WORK TASK:
Could the listing below be returned exactly, with its pictures left out?
PROVIDED RECORDS START
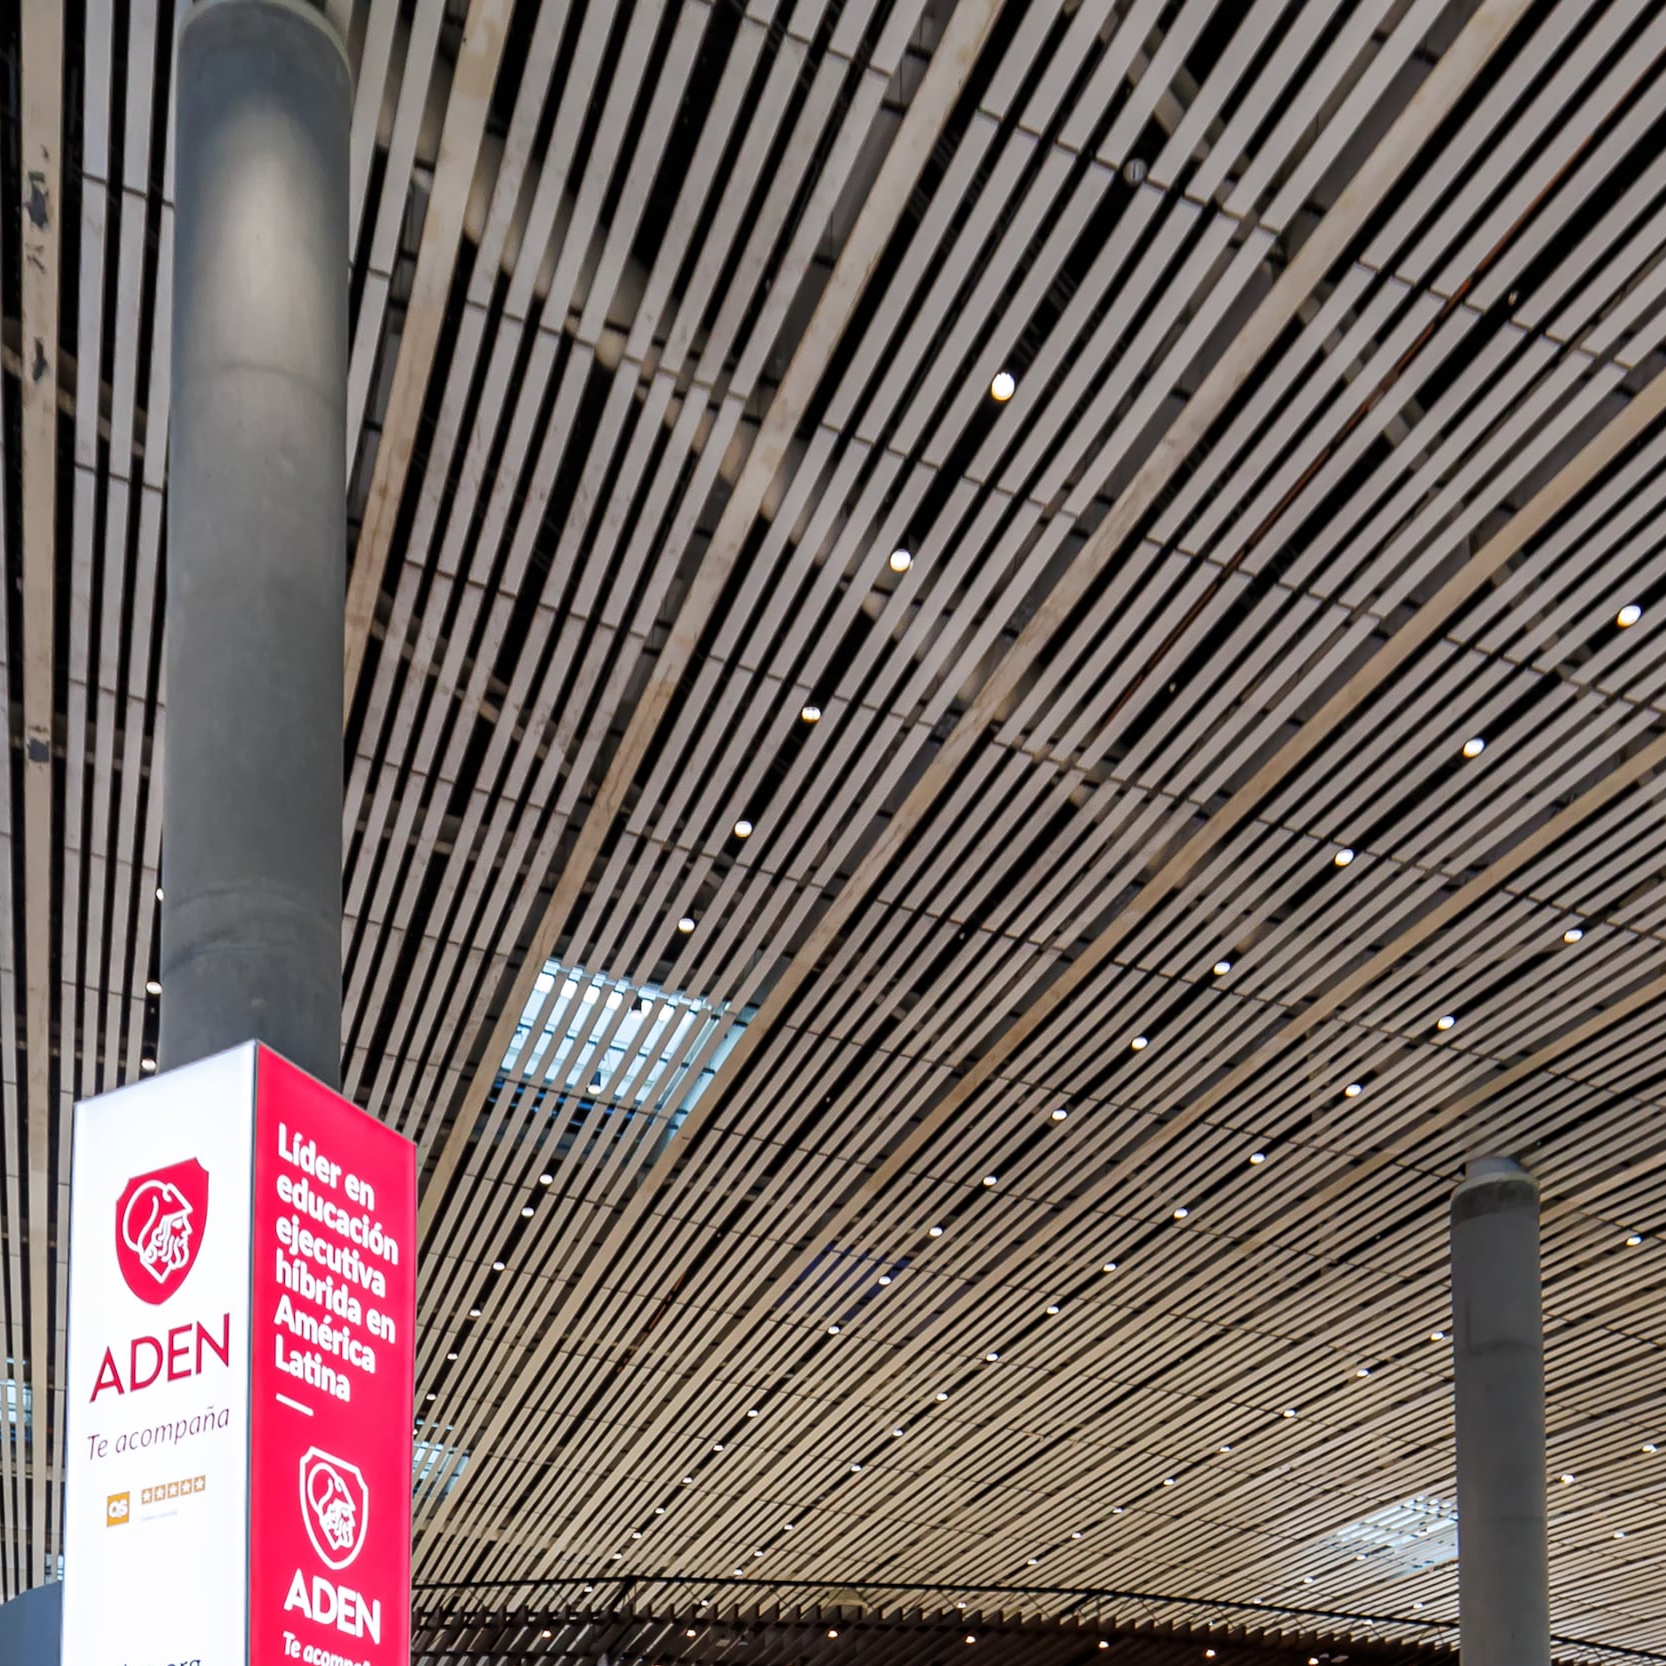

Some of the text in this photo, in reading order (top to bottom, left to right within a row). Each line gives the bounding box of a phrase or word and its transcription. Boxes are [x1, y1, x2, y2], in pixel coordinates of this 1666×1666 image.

[278, 1121, 375, 1211] Líder en
[276, 1174, 399, 1266] educación
[276, 1214, 386, 1298] ejecutiva
[274, 1293, 376, 1374] América
[276, 1247, 396, 1344] híbrida en
[89, 1312, 230, 1404] ADEN
[275, 1333, 351, 1403] Latina
[87, 1405, 230, 1461] Te acompaña
[283, 1629, 302, 1659] Te
[284, 1567, 381, 1646] ADEN
PROVIDED RECORDS END
ANSWER BOX:
Some of the text in this photo, in reading order (top to bottom, left to right within a row). Each line gives the bounding box of a phrase or word and its transcription. Boxes are [x1, y1, x2, y2], in pixel coordinates of this 1666×1666 image.

[278, 1121, 375, 1211] Líder en
[276, 1174, 399, 1266] educación
[276, 1214, 386, 1298] ejecutiva
[274, 1293, 376, 1374] América
[276, 1247, 396, 1344] híbrida en
[89, 1312, 230, 1404] ADEN
[275, 1333, 351, 1403] Latina
[87, 1405, 230, 1461] Te acompaña
[283, 1629, 302, 1659] Te
[284, 1567, 381, 1646] ADEN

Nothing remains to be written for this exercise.